CLASSIC SPIEDINI RECIPE (ITALIAN STYLE KEBABS)
This delicious spiedini recipe is loaded up with breaded beef, Italian sausage, peppers, onions, and bay leaves for the best kebabs around!
Provided by Chef Billy Parisi
Number Of Ingredients 17
Steps:
- For the Sauce: Add the olive oil and garlic to a medium-size saucepot over low heat and cook for 2 to 3 minutes just until you smell it.
- Add in the crushed tomatoes, lemon juice, and ½ lemon and cook over low heat for 20-30 minutes. Finish with oregano, salt, and pepper.
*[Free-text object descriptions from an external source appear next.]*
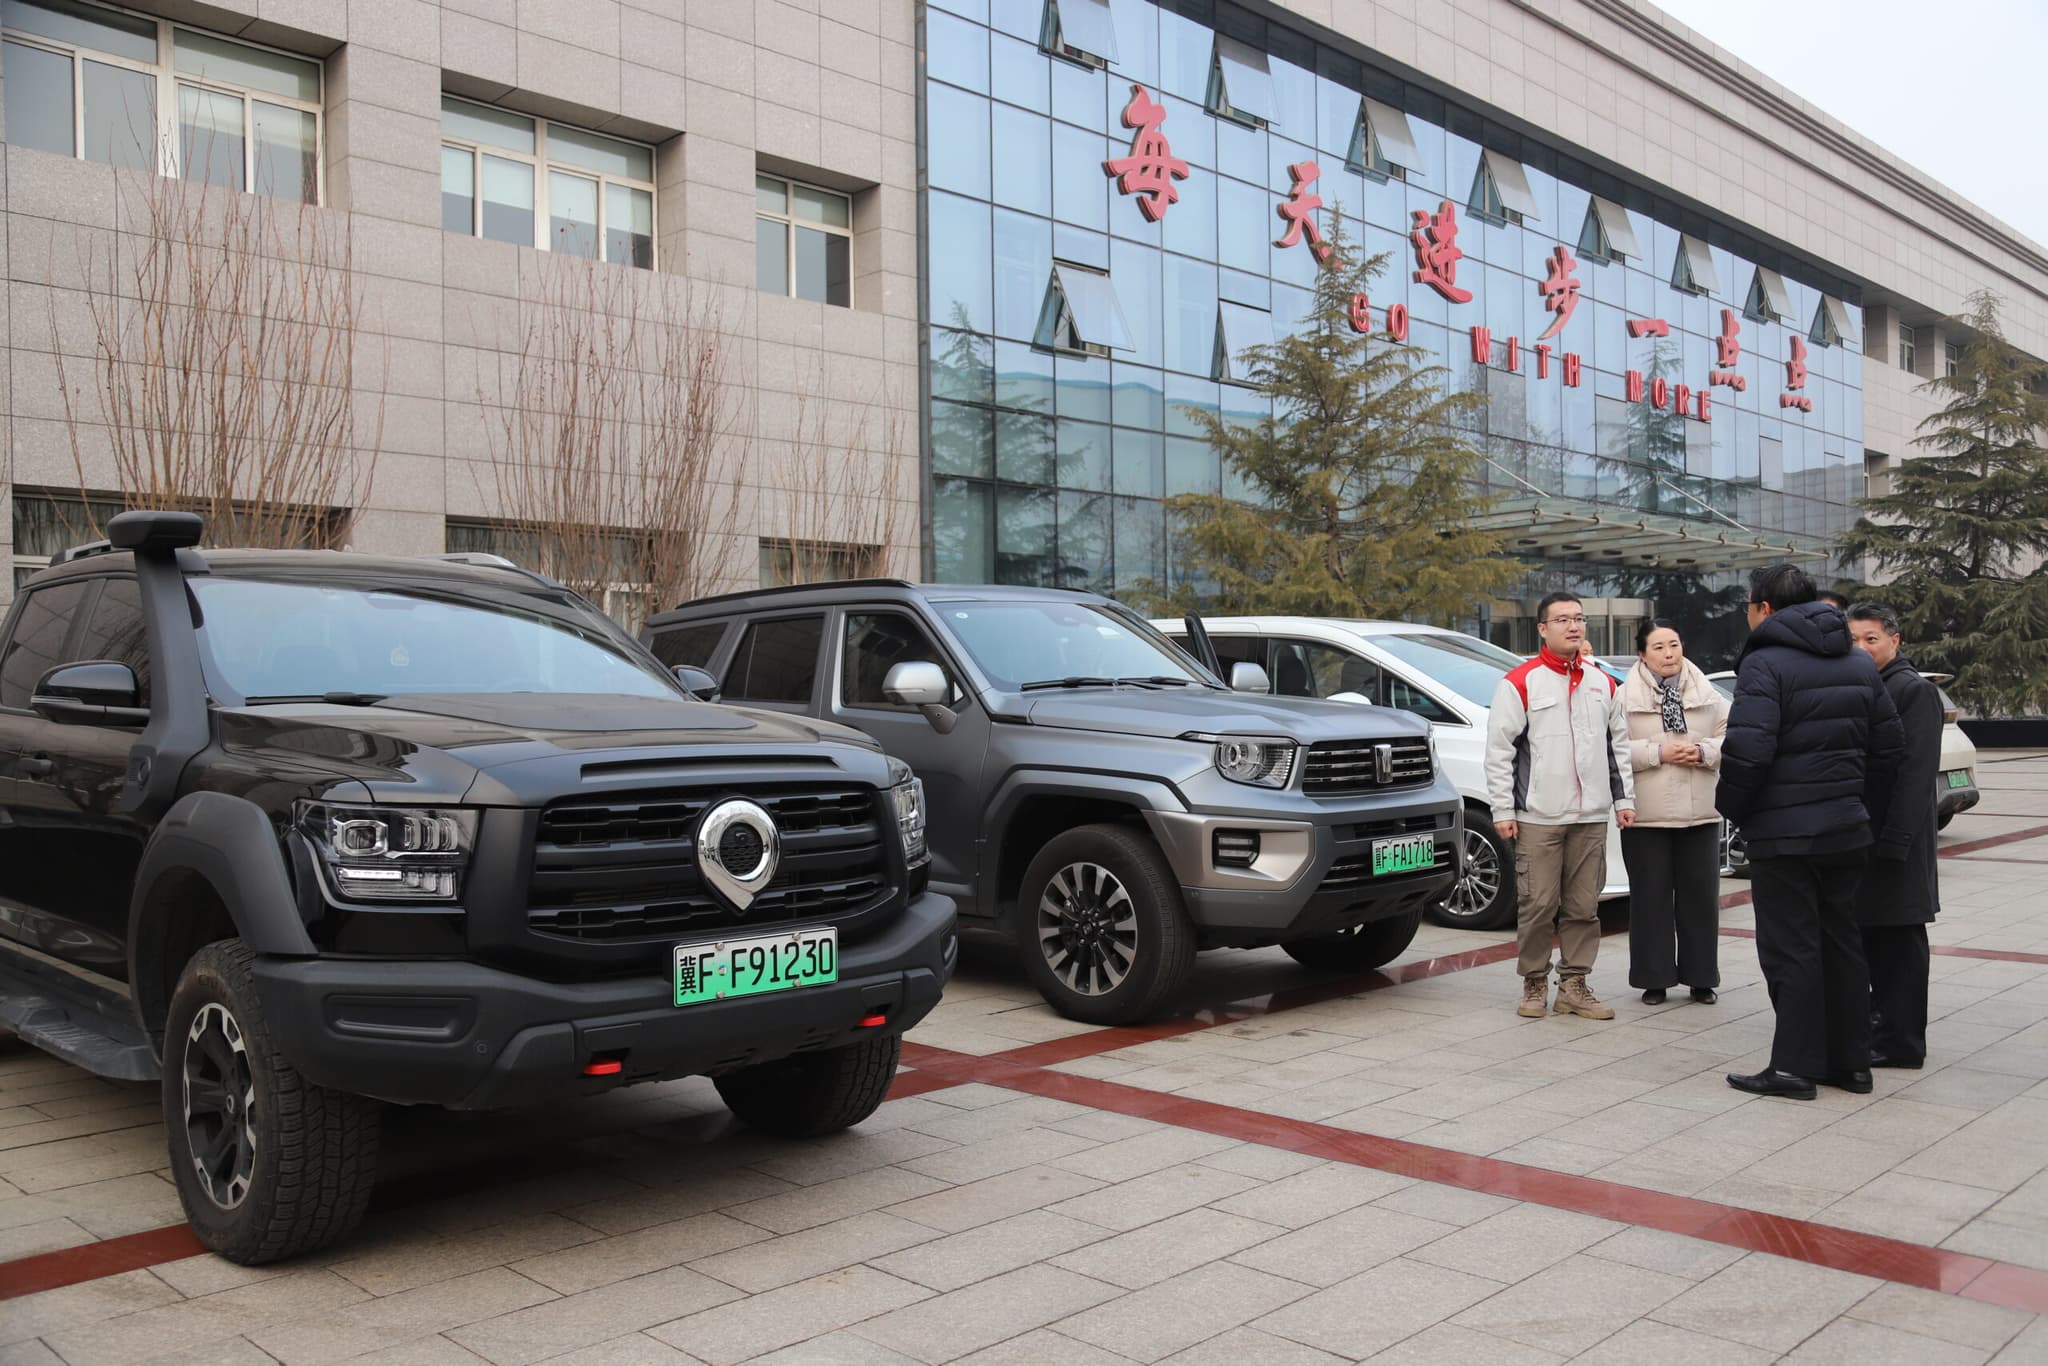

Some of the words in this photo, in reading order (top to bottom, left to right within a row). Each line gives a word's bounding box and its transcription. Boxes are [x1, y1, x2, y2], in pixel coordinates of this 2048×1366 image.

[1349, 292, 1408, 341] GO
[1470, 326, 1581, 387] WITH
[1626, 370, 1712, 421] MORE
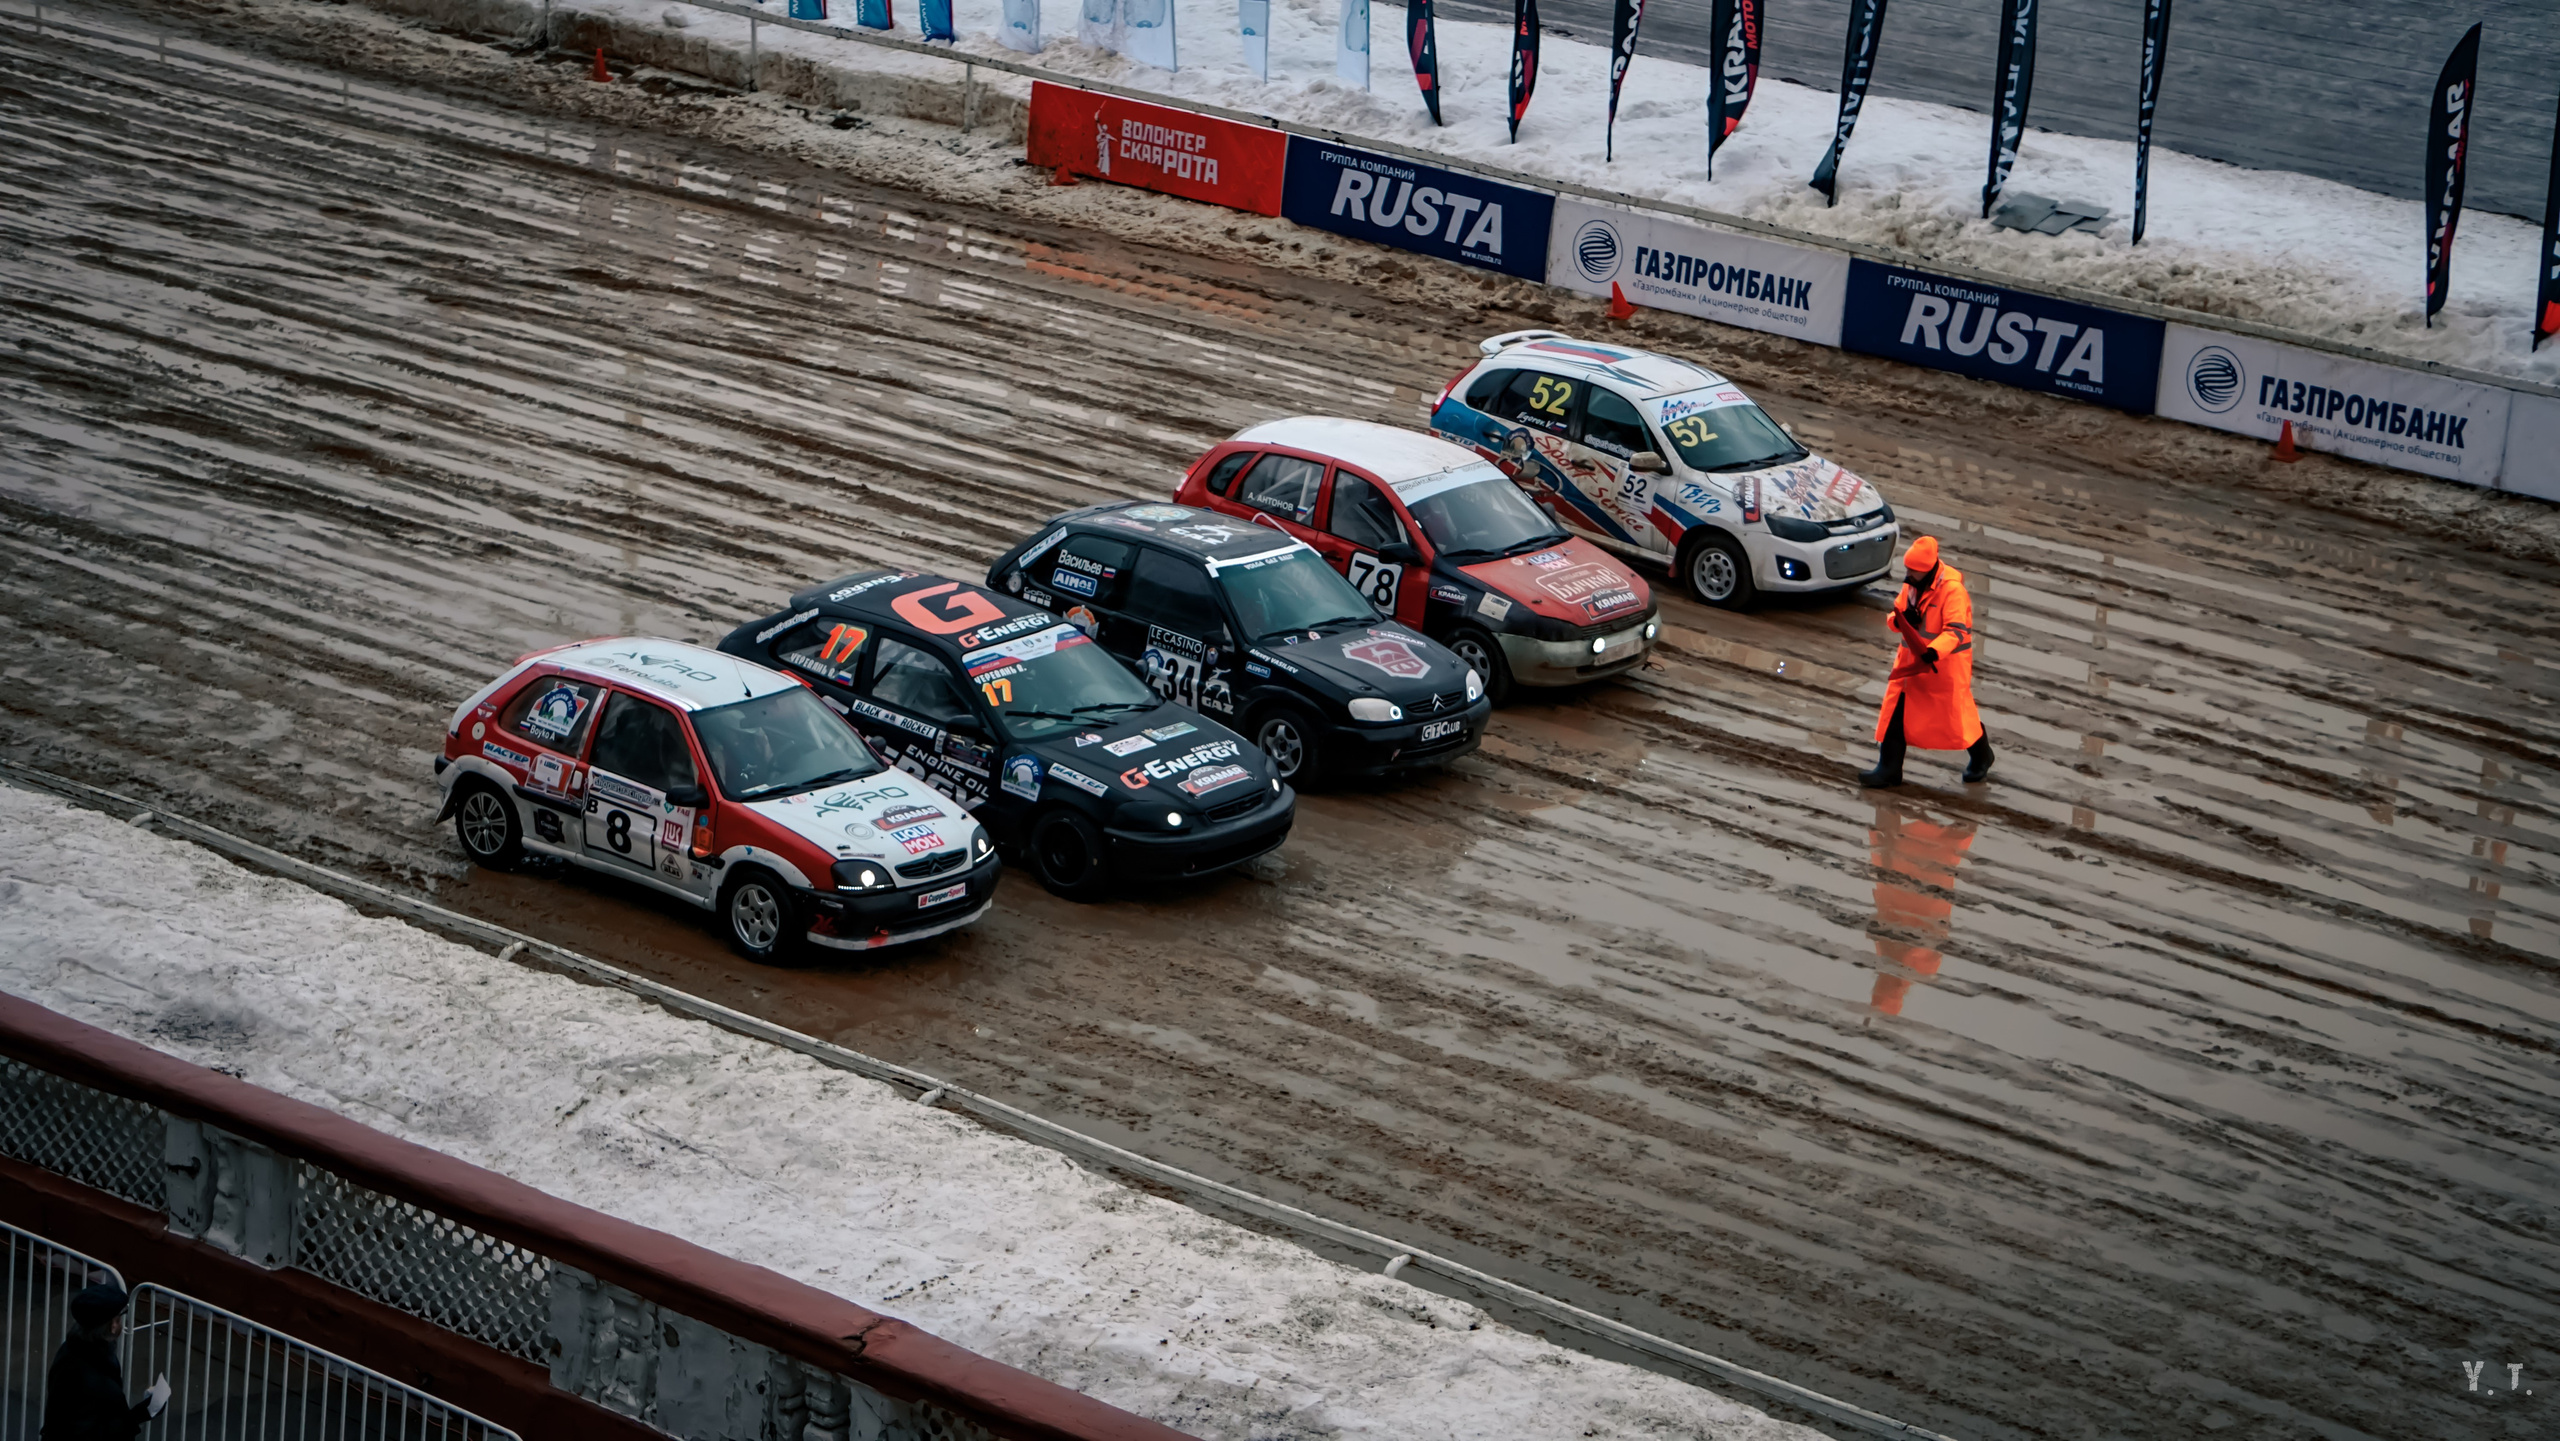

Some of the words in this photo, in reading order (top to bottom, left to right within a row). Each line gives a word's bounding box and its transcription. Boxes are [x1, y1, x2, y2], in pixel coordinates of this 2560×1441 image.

[1122, 119, 1206, 153] ВОЛОНТЕР
[1321, 150, 1358, 168] ГРУППА
[1360, 160, 1415, 181] КОМПАНИЙ
[1330, 168, 1503, 255] RUSTA
[1461, 250, 1502, 265] www.rusta.ru
[1634, 246, 1812, 311] ГАЗПРОМБАНК
[1888, 275, 1931, 293] ГРУППА
[1934, 284, 1999, 306] КОМПАНИЙ
[1632, 279, 1696, 301] «Газпромбанк»
[1699, 293, 1759, 315] (Акционерное
[1762, 307, 1807, 327] общество)
[1900, 293, 2104, 383] RUSTA
[1529, 376, 1572, 416] 52
[2055, 379, 2103, 394] www.rusta.ru
[2259, 375, 2468, 449] ГАЗПРОМБАНК
[1440, 431, 1475, 446] МАСТЕР
[1668, 416, 1719, 448] 52
[2334, 428, 2404, 452] (Акционерное
[2407, 445, 2462, 465] общество)
[1535, 436, 1598, 483] Sport
[1589, 487, 1644, 533] Service
[1623, 475, 1647, 498] 52
[1257, 495, 1294, 512] АНТОНОВ
[1680, 483, 1721, 514] ТВЕРЬ
[1021, 529, 1066, 562] МАСТЕР
[1530, 553, 1561, 565] LIQUI
[1058, 549, 1102, 576] Васильев
[1541, 560, 1574, 571] MOLY
[1023, 587, 1052, 600] GoPro
[1354, 560, 1394, 606] 78
[1595, 592, 1636, 610] KRAMAR
[820, 623, 868, 663] 17
[1151, 627, 1161, 640] LE
[1163, 632, 1202, 654] CASINO
[1249, 648, 1271, 663] Alexey
[609, 663, 682, 690] FerroLabs
[982, 678, 1013, 707] 17
[1202, 696, 1234, 715] GAZ
[529, 722, 550, 740] Boyko
[549, 730, 556, 741] A
[855, 701, 881, 718] BLACK
[901, 718, 933, 737] ROCKET
[484, 742, 530, 763] МАСТЕР
[1191, 740, 1222, 753] ENGINE
[906, 744, 964, 782] ENGINE
[965, 777, 989, 798] OIL
[1052, 764, 1105, 790] МАСТЕР
[1194, 767, 1244, 787] KRAMAR
[586, 799, 598, 814] B
[886, 805, 940, 824] KRAMAR
[606, 809, 632, 854] 8
[892, 824, 934, 842] LIQUI
[903, 834, 942, 853] MOLY
[928, 886, 965, 903] CupperSport
- For the Spiedini: Add the olive oil to a bowl and set aside. In a separate bowl mix together the breadcrumbs, parmesan cheese, salt, and pepper until combined.
- Taking 1 slice of beef at a time, completely coat it in the olive oil, and then dredge it in the breadcrumbs until coated.
- Roll the beef up and set it aside on a cookie sheet tray. Slice it in half if it's too big.
- To Skewer: Add on some of the breaded beef followed up with a ½ bay leaf, onion, peppers, and loose Italian sausage and repeat until the 12" skewer is full, and then repeat until all of the other skewers are full and all of the ingredients have been used. Set them on a cookie sheet tray.
- Add a small amount of olive oil to a flat top griddle or a large cast-iron skillet over medium heat and sear the skewers, in batches if need be, for 2-4 minutes per side or until browned and cooked throughout.
- Serve the spiedini alongside the amogio sauce and garnish with optional chopped fresh parsley.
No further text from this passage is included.